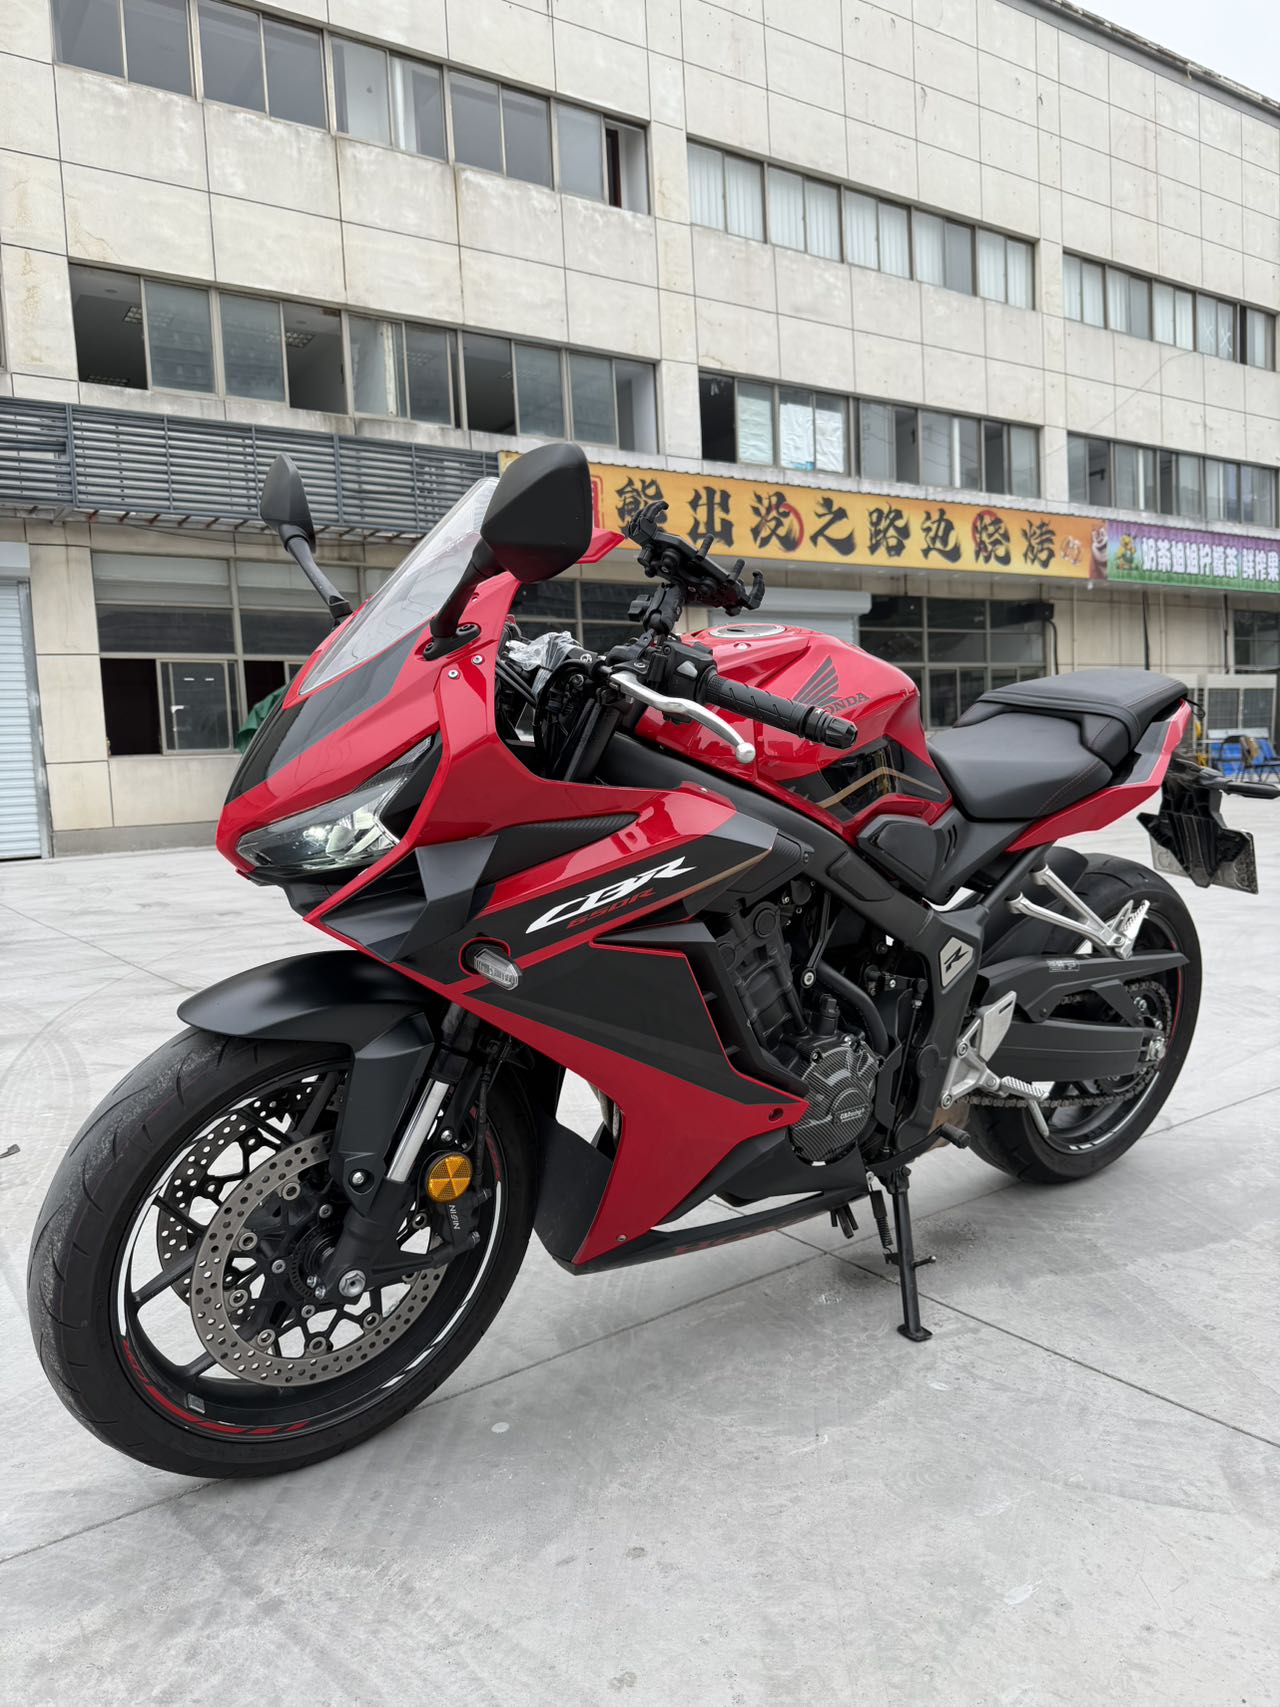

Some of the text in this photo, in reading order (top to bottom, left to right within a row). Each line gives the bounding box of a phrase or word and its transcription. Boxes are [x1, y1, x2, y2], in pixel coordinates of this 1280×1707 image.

[822, 692, 870, 715] ONDA
[525, 856, 697, 934] CBR
[566, 887, 656, 929] 650R
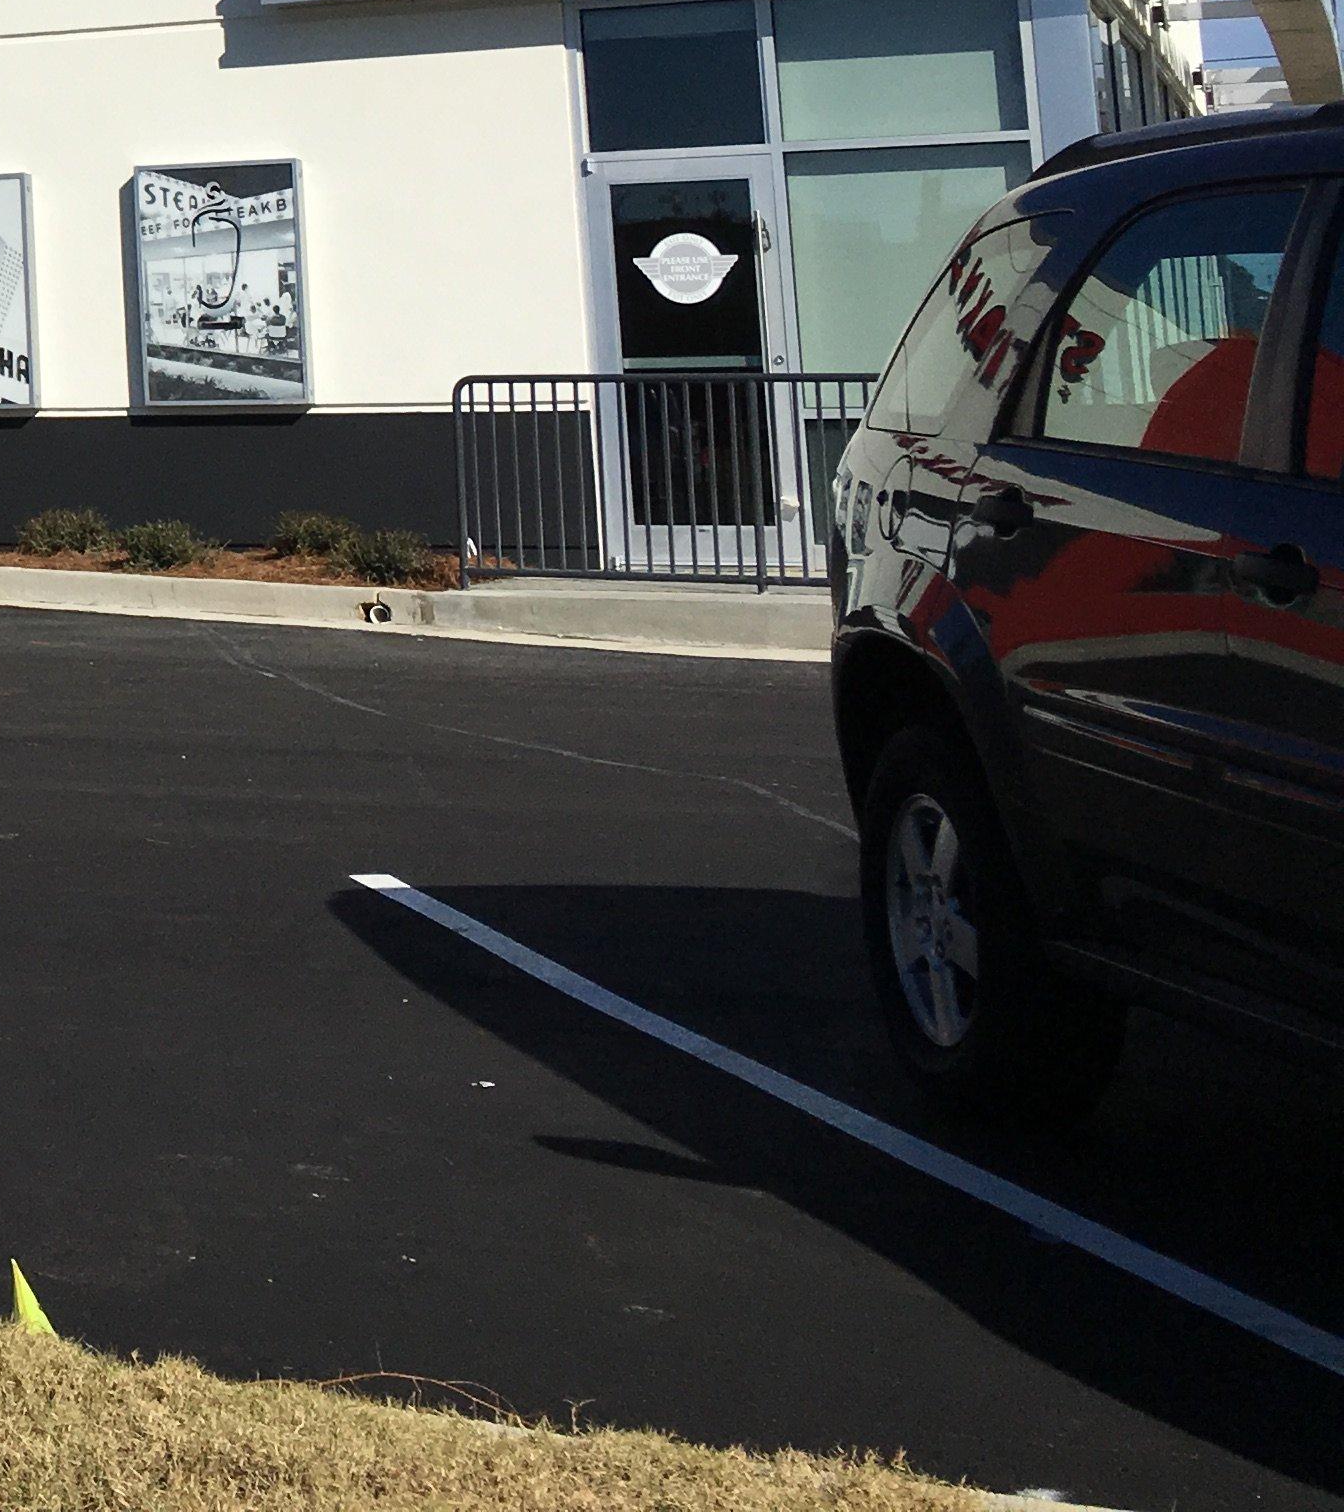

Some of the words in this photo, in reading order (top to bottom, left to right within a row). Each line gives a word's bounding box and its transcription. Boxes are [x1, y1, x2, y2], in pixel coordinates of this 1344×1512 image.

[143, 183, 209, 212] STEA
[670, 265, 701, 273] FRONT
[663, 273, 709, 282] ENTRANCE
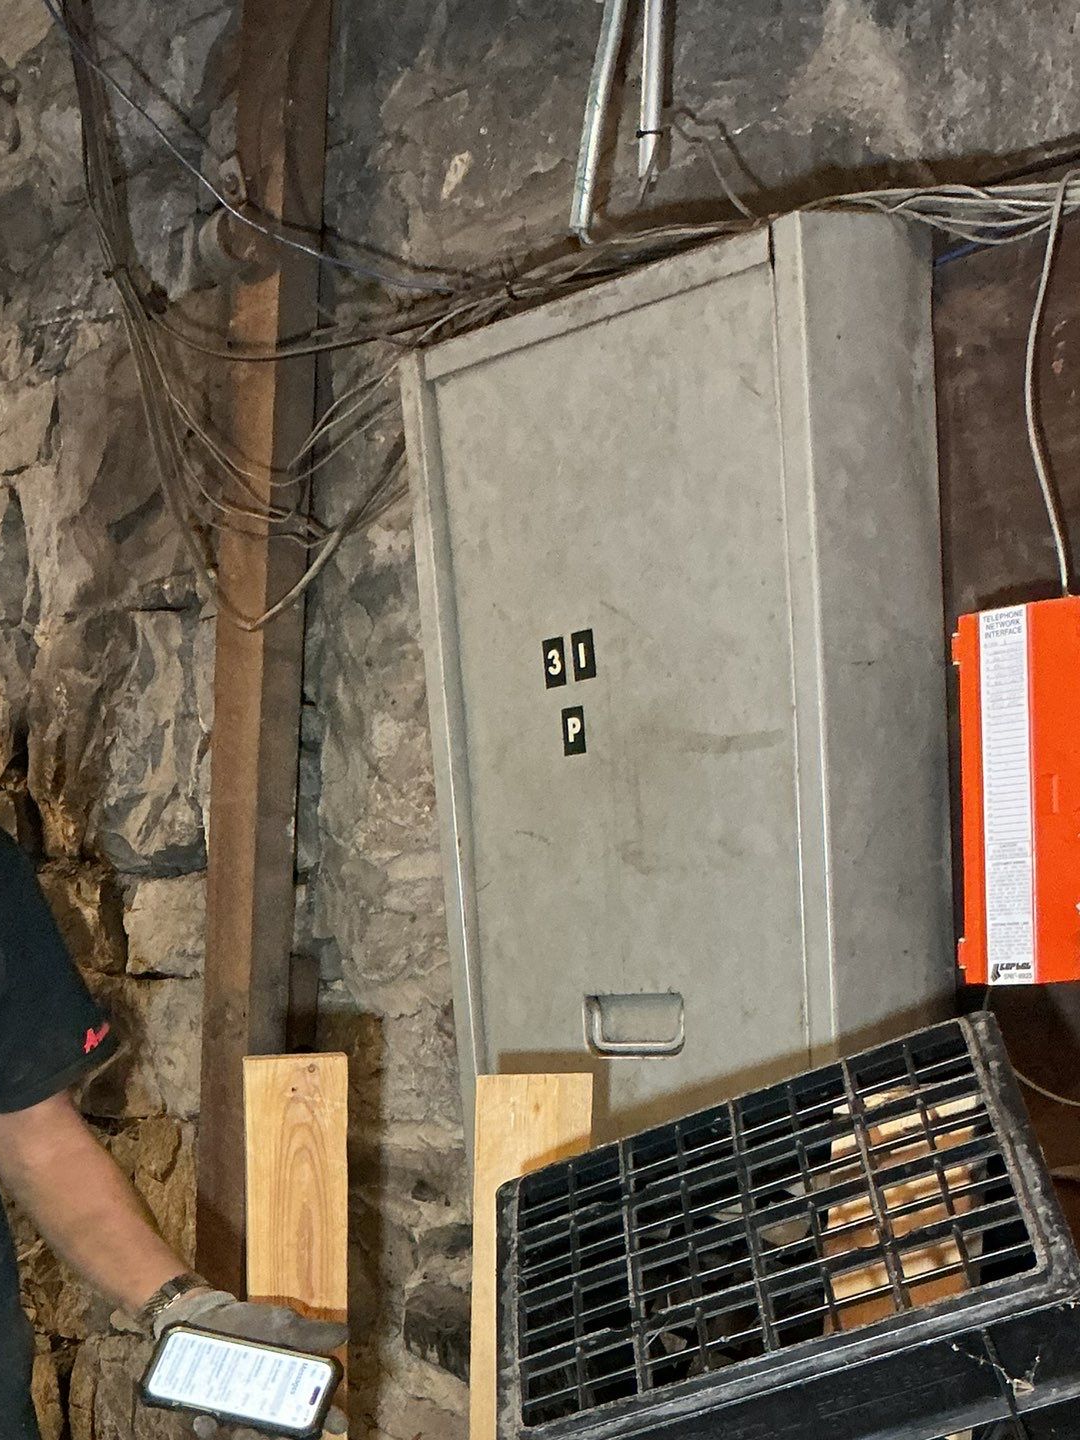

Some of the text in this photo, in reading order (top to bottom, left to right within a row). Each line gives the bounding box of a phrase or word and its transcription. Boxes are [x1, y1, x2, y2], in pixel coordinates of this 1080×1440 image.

[982, 609, 1023, 623] TELEPHONE
[984, 626, 1022, 639] INTERFACE
[566, 716, 582, 743] P
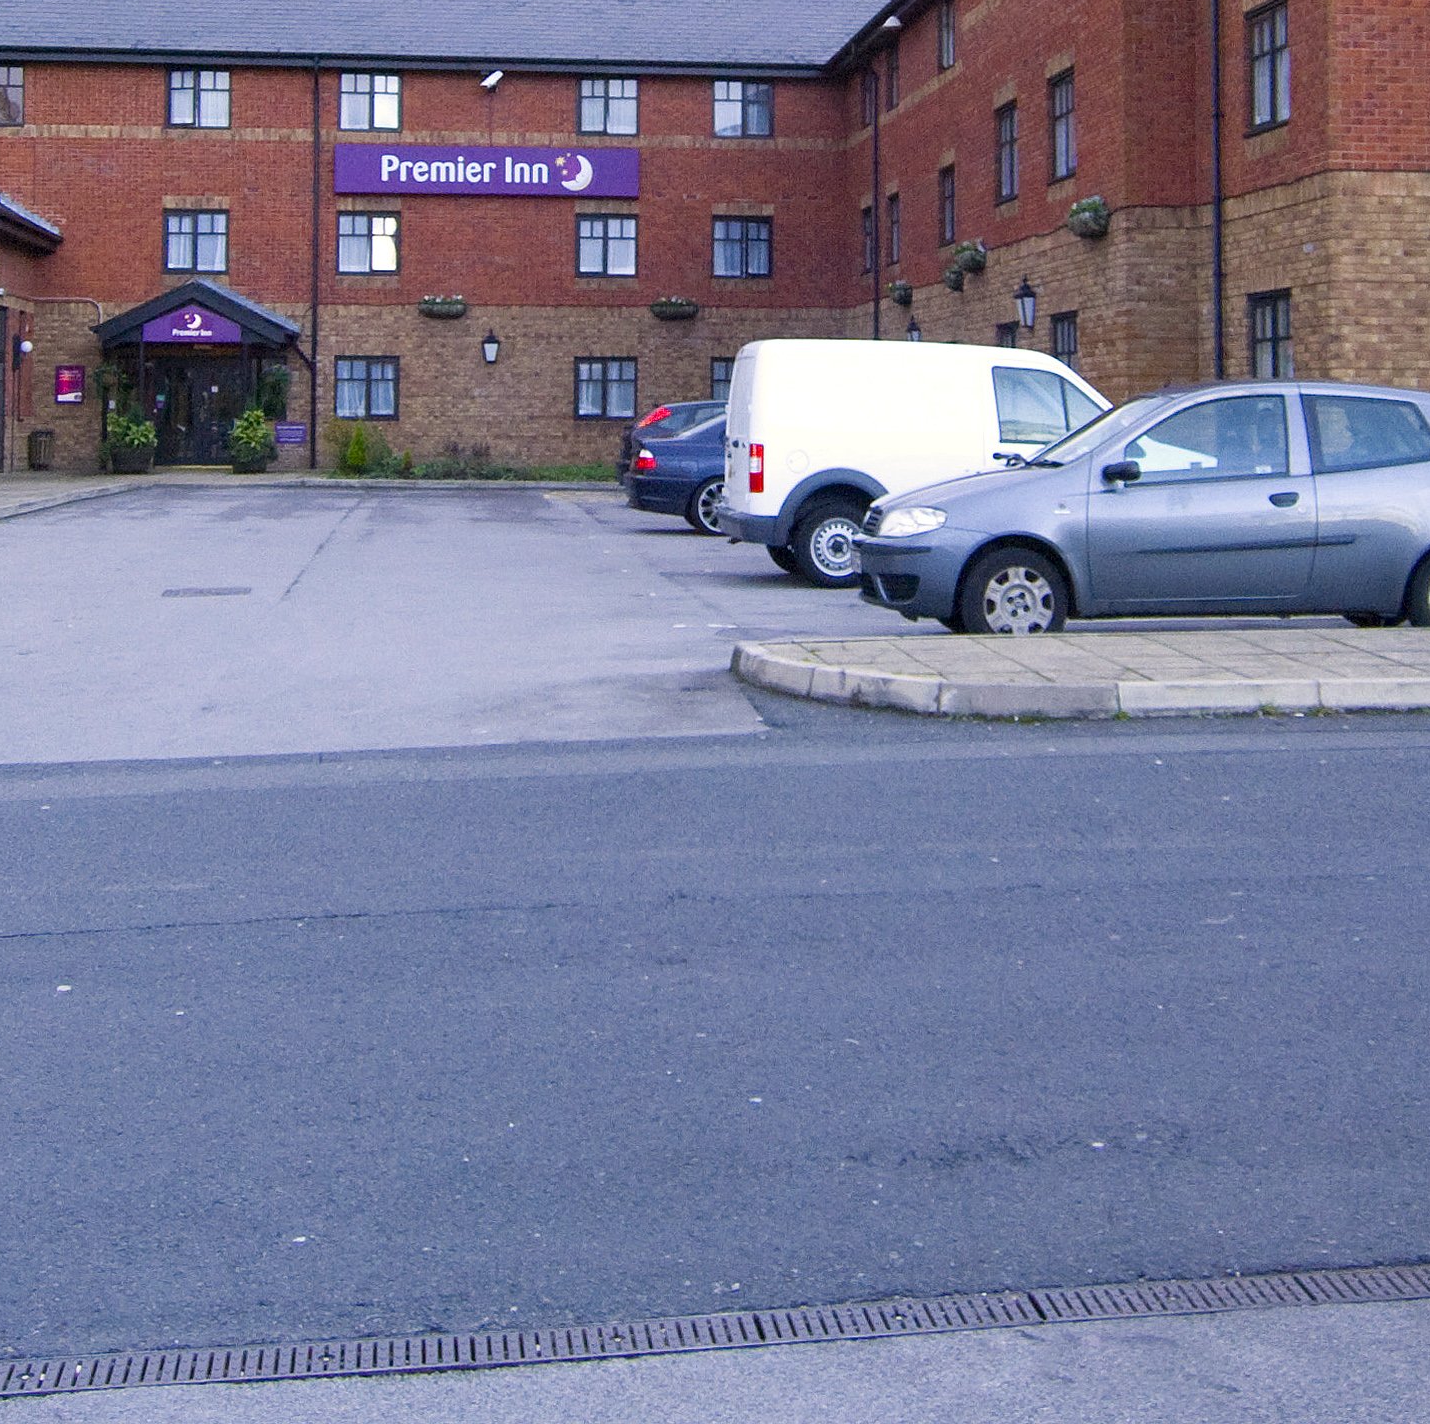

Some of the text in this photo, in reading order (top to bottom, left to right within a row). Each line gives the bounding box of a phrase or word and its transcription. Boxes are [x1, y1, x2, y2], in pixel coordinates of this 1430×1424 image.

[381, 154, 549, 184] Premier Inn
[172, 328, 199, 336] Premier

What is being asked
Please repeat all of the data exactly as it stands, leaving the pictures out.

Answer for this exercise
Some of the text in this photo, in reading order (top to bottom, left to right within a row). Each line gives the bounding box of a phrase or word and its transcription. Boxes are [x1, y1, x2, y2], in pixel coordinates of this 1280×1707 image.

[822, 692, 870, 715] ONDA
[525, 856, 697, 934] CBR
[566, 887, 656, 929] 650R

Some of the words in this photo, in reading order (top to bottom, left to right within a row). Each line gives a word's bounding box and its transcription. Boxes are [x1, y1, x2, y2], in pixel coordinates of this 1344×1512 image.

[143, 183, 209, 212] STEA
[670, 265, 701, 273] FRONT
[663, 273, 709, 282] ENTRANCE

Some of the text in this photo, in reading order (top to bottom, left to right within a row). Each line gives the bounding box of a phrase or word and its transcription. Boxes are [x1, y1, x2, y2], in pixel coordinates of this 1080×1440 image.

[982, 609, 1023, 623] TELEPHONE
[984, 626, 1022, 639] INTERFACE
[566, 716, 582, 743] P

Some of the text in this photo, in reading order (top to bottom, left to right within a row). Each line gives the bounding box of a phrase or word and its transcription. Boxes are [x1, y1, x2, y2], in pixel coordinates of this 1430×1424 image.

[381, 154, 549, 184] Premier Inn
[172, 328, 199, 336] Premier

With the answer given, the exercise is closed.